The fragmentation of symptoms is a primary reason menopause remains invisible in health claims data, utilization dashboards, and exit interviews. Rather than showing up as a plethora of symptoms resulting from hormonal fluctuations, it shows up as burnout, turnover, and disengagement, and no one is there to connect the dots.
If you had looked for me in my employer’s data when “the change” began, you would have found me coded for new onset social anxiety, in orthopedic claims for plantar fasciitis, as a musculoskeletal visit, a diagnosis of situational depression, and finally, before the telltale hot flashes and night sweats started, a neurology concern around early-onset dementia. Not a trace of perimenopause in sight, right?!
I may not sound like a lucky woman from the description above, but I was super fortunate when it came to getting diagnosed. I mean it was a unicorn like rarity, in that my primary care physician diagnosed me with perimenopause at only my third complaint. I will note that I pay out of pocket for a concierge physician which is likely why I had such an atypical result. After treatment with hormonal and non-hormonal therapies, I was back in action and the majority of my challenges disappeared. Most women are not this fortunate. Many never get diagnosed at all.
This gaping disparity in care for women is unacceptable, and gets me out of bed even on the most rage-filled of mornings.
And here is where I really get fired up. When women don’t get appropriate diagnoses and care during the menopausal transition they quietly exit the workplace, leave their partnerships, and sometimes blow up their entire lives.
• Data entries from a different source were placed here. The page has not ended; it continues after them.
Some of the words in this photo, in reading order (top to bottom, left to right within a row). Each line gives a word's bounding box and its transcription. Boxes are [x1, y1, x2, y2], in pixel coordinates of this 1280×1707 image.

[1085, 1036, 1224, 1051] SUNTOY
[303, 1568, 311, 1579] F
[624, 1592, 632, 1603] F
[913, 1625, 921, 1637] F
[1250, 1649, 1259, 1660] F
Most of which is entirely preventable.
Celebrities from Naomi Watts to Oprah have been shouting about menopause from the rooftops. Vendors and marketers have jumped on the menopause bandwagon and are offering products, classes, coaching, and trainings. Everywhere we look it seems like someone new is talking about our uterus and ovaries, and we are being told that empowered women talk about menopause loudly and proudly from the bedroom to the boardroom, wherever they and their parts take them. And yet the data tells a different story. Bonafide Health’s 2025 State of Menopause report found that 48% of women aged 40 to 49 now report menopause symptoms negatively impacting their career ambition, up from 42% in 2024. Fifty-nine percent of women in that same age range had never even heard of perimenopause until they were already experiencing it.
We are in 2026 and nearly six out of ten women in their peak career years are blindsided by a biological process that affects every single woman who lives long enough.
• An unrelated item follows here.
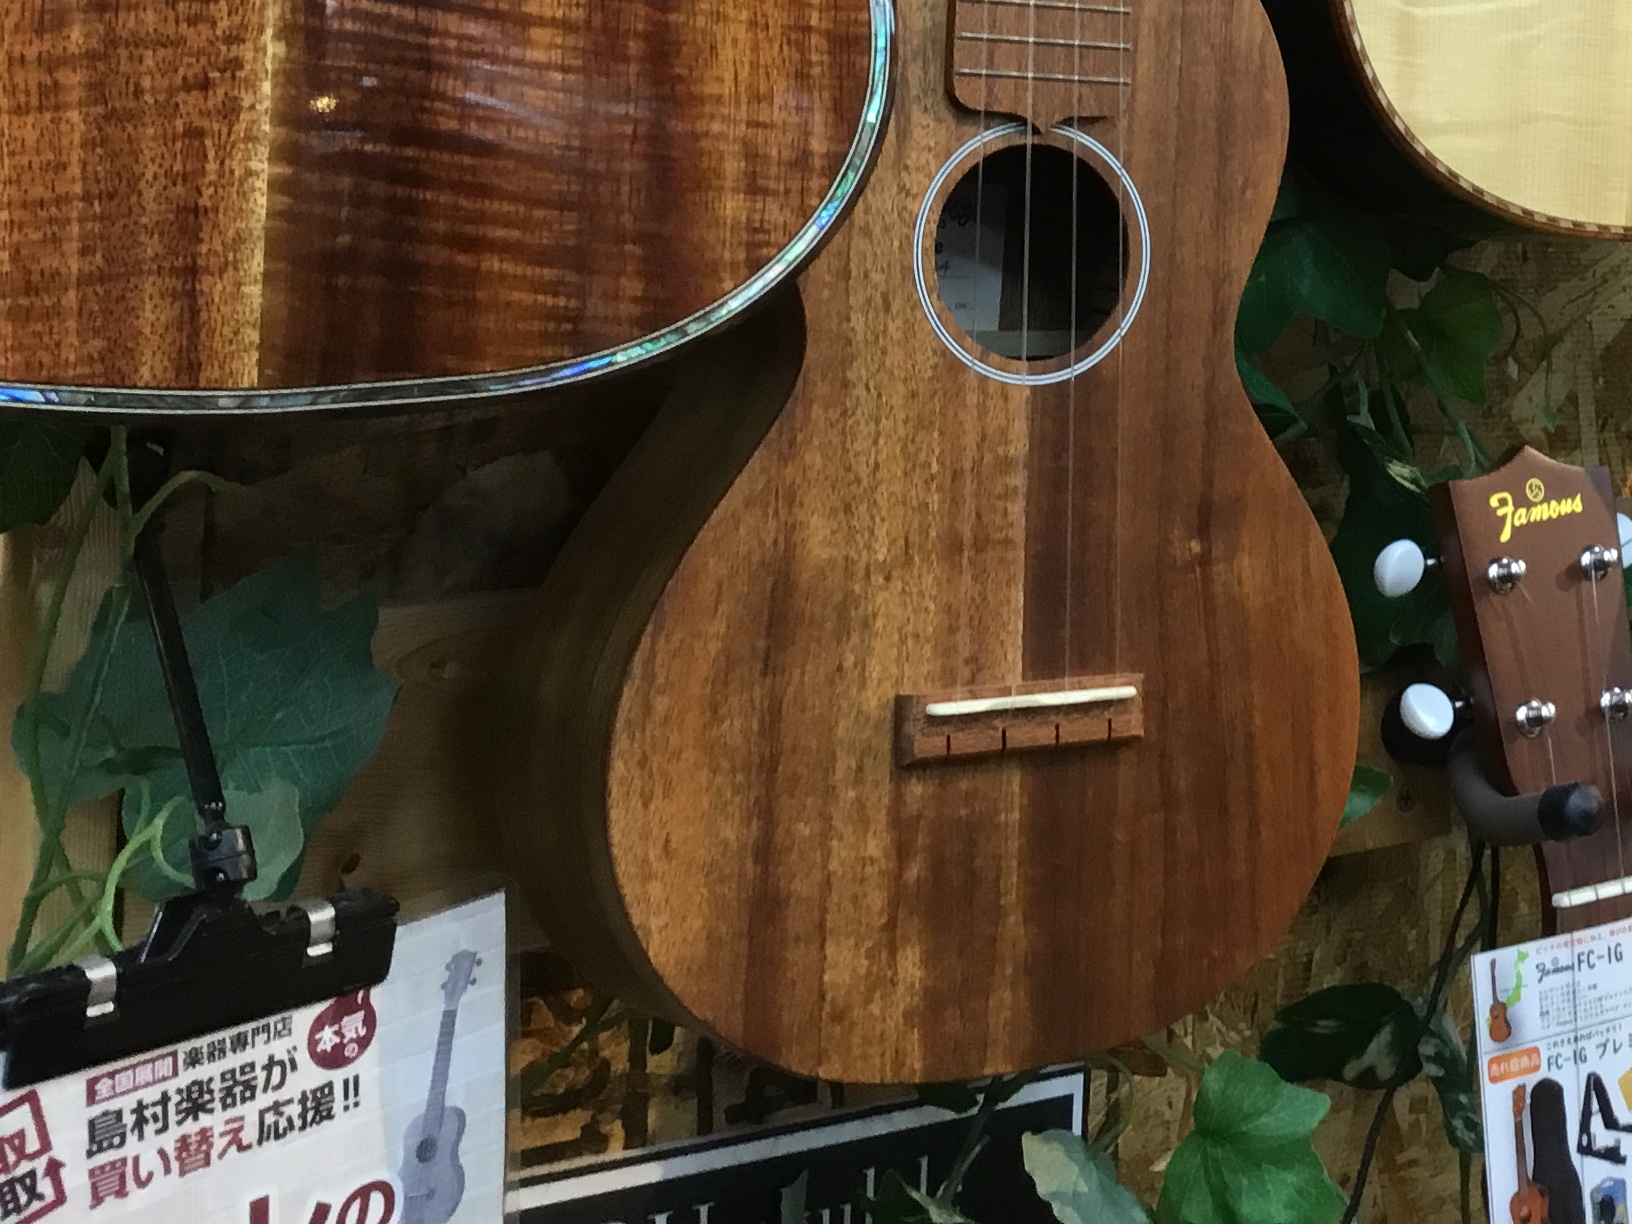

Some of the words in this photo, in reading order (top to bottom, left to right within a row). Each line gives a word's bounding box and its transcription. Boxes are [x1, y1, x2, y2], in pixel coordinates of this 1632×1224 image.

[1489, 491, 1583, 543] Famous
[182, 1014, 294, 1072] 楽器専門店
[86, 1045, 298, 1160] 島村楽器が
Awareness campaigns and menopause-specific manager training have modest efficacy when they go beyond one-and-done, but multiple literature reviews confirm there is no sustained behavioral change from these interventions (Hardy et al., 2019). And many working women express ambivalence toward formal training and policies, fearing the extra attention makes them appear less able than their younger or male counterparts (Atkinson et al., 2021). Whiley et al. (2023) placed menopause inside their “dirty femininity” framework, suggesting it violates the ideal worker norm of clean, orderly, and masculine.
While a life-stage as certain as death and taxes for anyone born with a uterus and ovaries should be accepted, maybe even celebrated, the stigma persists in 2026. To this end, while only 35% of women admit to perceiving menopause stigma at work, over 72% have hidden symptoms from coworkers and leaders (Catalyst, 2024).
That gap between what women will say and what women will do tells you everything you need to know about why awareness alone is insufficient. And telling professional women to speak up about it at work is about as helpful as handing Noah an umbrella.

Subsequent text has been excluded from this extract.